- _WHAT YOU SHOULD DO_
Please give every line below again exactly, but not its pictures.

§

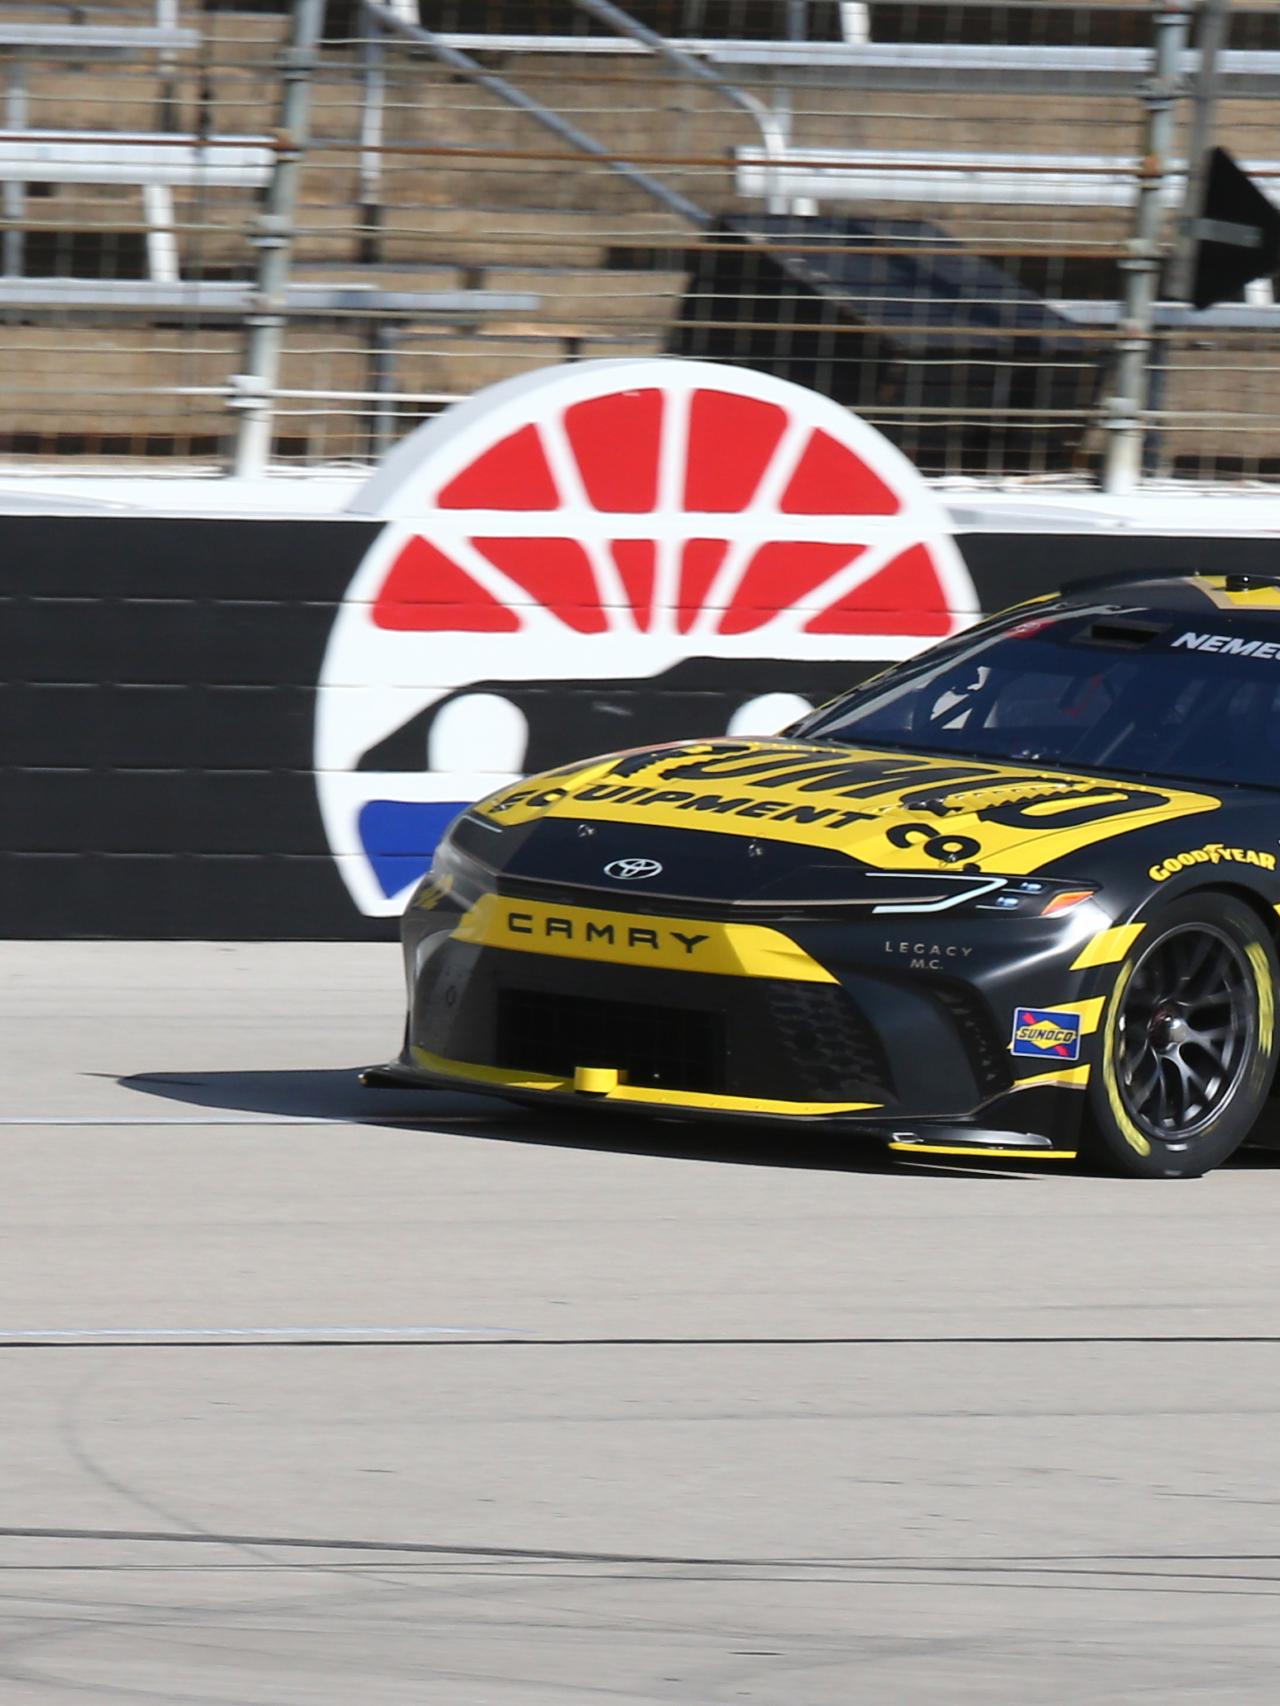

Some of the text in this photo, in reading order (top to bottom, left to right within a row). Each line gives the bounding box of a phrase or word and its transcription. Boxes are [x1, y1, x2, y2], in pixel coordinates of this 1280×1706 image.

[488, 782, 881, 829] EQUIPMENT
[1148, 844, 1276, 881] GOODYEAR
[508, 912, 710, 954] CAMRY
[885, 941, 973, 957] LEGACY
[1018, 1028, 1075, 1042] SUNOCO

§

- _EXERCISE RESPONSE_
Some of the text in this photo, in reading order (top to bottom, left to right within a row). Each line gives the bounding box of a phrase or word and its transcription. Boxes are [x1, y1, x2, y2], in pixel coordinates of this 1280×1706 image.

[488, 782, 881, 829] EQUIPMENT
[1148, 844, 1276, 881] GOODYEAR
[508, 912, 710, 954] CAMRY
[885, 941, 973, 957] LEGACY
[1018, 1028, 1075, 1042] SUNOCO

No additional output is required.